El Ejecutivo proyecta la presentación de los Presupuestos Generales a finales de mayo para estabilizar la legislatura
El Gobierno de coalición ha iniciado las maniobras para presentar el proyecto de Presupuestos Generales del Estado (PGE) a finales del mes de mayo. Según fuentes parlamentarias de la plataforma Sumar, la intención del presidente del Gobierno, Pedro Sánchez, es reactivar el calendario presupuestario tras la celebración de los comicios andaluces, con el objetivo estratégico de asegurar la estabilidad de la legislatura y extender el mandato de forma efectiva hasta el año 2027.
Esta reactivación de la agenda económica coincide con la reestructuración interna tras el nombramiento de Carlos Cuerpo como responsable de la cartera económica, una decisión que desde los socios de coalición se interpreta como una voluntad de centrar la gestión gubernamental en la consolidación de los indicadores macroeconómicos. La estrategia de Moncloa pasa por formalizar unas cuentas de carácter expansivo que actúen como un blindaje político frente a la incertidumbre del contexto internacional.
El diagnóstico que manejan los estrategas del Ejecutivo vincula la viabilidad de estas cuentas a una normalización de la economía global. En este sentido, el gabinete de Sánchez confía en una resolución a corto plazo de las tensiones diplomáticas entre Estados Unidos e Irán. Según esta tesis, un eventual acuerdo en el ámbito internacional permitiría una relajación de las presiones inflacionarias, facilitando un escenario de datos alentadores para el cierre del ejercicio parlamentario.
Desde la formación liderada por Yolanda Díaz se ha insistido en que una legislatura de cuatro años sin la aprobación de nuevas cuentas públicas resultaría inviable, tanto en términos de gestión operativa como de imagen institucional ante las autoridades europeas. Por ello, la apuesta de Sumar consiste en forzar el debate presupuestario en el Congreso de los Diputados, obligando a los socios de investidura a posicionarse ante un borrador que será presentado bajo el marco de la estabilidad frente a la alternativa de un bloqueo parlamentario.
La presión política se trasladará especialmente a las formaciones nacionalistas e independentistas. En el caso de Junts per Catalunya, los análisis internos del Gobierno sugieren que la necesidad de ganar tiempo frente a nuevos competidores electorales en el bloque independentista podría facilitar su apoyo a los PGE. De igual modo, se estima que formaciones como ERC y el PNV priorizarán la continuidad de la actual coalición para evitar un escenario electoral que derive en un cambio de ciclo político a nivel nacional.

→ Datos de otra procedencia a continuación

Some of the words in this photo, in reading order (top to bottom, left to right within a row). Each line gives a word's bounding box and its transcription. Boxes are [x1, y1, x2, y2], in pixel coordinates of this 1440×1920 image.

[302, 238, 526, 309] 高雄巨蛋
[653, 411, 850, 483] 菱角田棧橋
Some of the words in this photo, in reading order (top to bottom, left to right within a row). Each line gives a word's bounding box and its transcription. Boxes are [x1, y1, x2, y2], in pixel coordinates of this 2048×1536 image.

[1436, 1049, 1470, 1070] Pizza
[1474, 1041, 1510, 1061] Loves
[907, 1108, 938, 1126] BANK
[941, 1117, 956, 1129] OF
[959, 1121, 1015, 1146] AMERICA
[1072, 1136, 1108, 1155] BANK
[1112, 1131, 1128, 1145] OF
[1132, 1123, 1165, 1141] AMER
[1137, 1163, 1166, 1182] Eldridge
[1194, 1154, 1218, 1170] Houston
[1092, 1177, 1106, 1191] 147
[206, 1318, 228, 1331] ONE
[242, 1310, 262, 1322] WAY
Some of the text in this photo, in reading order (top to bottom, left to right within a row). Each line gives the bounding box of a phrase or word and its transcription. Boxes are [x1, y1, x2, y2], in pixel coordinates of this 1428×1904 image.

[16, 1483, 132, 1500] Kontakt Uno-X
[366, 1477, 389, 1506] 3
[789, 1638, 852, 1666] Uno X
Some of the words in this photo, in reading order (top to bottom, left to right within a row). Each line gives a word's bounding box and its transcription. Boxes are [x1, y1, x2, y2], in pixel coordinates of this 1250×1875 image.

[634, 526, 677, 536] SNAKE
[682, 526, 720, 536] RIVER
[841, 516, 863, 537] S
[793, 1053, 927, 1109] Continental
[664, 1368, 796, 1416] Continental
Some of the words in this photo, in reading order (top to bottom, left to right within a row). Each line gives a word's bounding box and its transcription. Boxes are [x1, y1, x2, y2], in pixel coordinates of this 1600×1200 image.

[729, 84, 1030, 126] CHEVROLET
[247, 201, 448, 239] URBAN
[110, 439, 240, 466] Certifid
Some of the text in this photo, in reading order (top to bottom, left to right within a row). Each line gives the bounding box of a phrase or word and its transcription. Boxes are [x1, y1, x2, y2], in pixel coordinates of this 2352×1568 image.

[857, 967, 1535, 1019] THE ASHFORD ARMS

Finalmente, la narrativa institucional del Gobierno se apoyará en los hitos de empleo recientemente alcanzados. Tras la superación de la barrera de los 22 millones de afiliados a la Seguridad Social, el Ejecutivo pretende utilizar los Presupuestos Generales como la herramienta definitiva para consolidar este crecimiento y desactivar las críticas sobre el coste de la vida y el acceso a la vivienda, situando la gestión económica como el eje vertebrador del resto de la legislatura.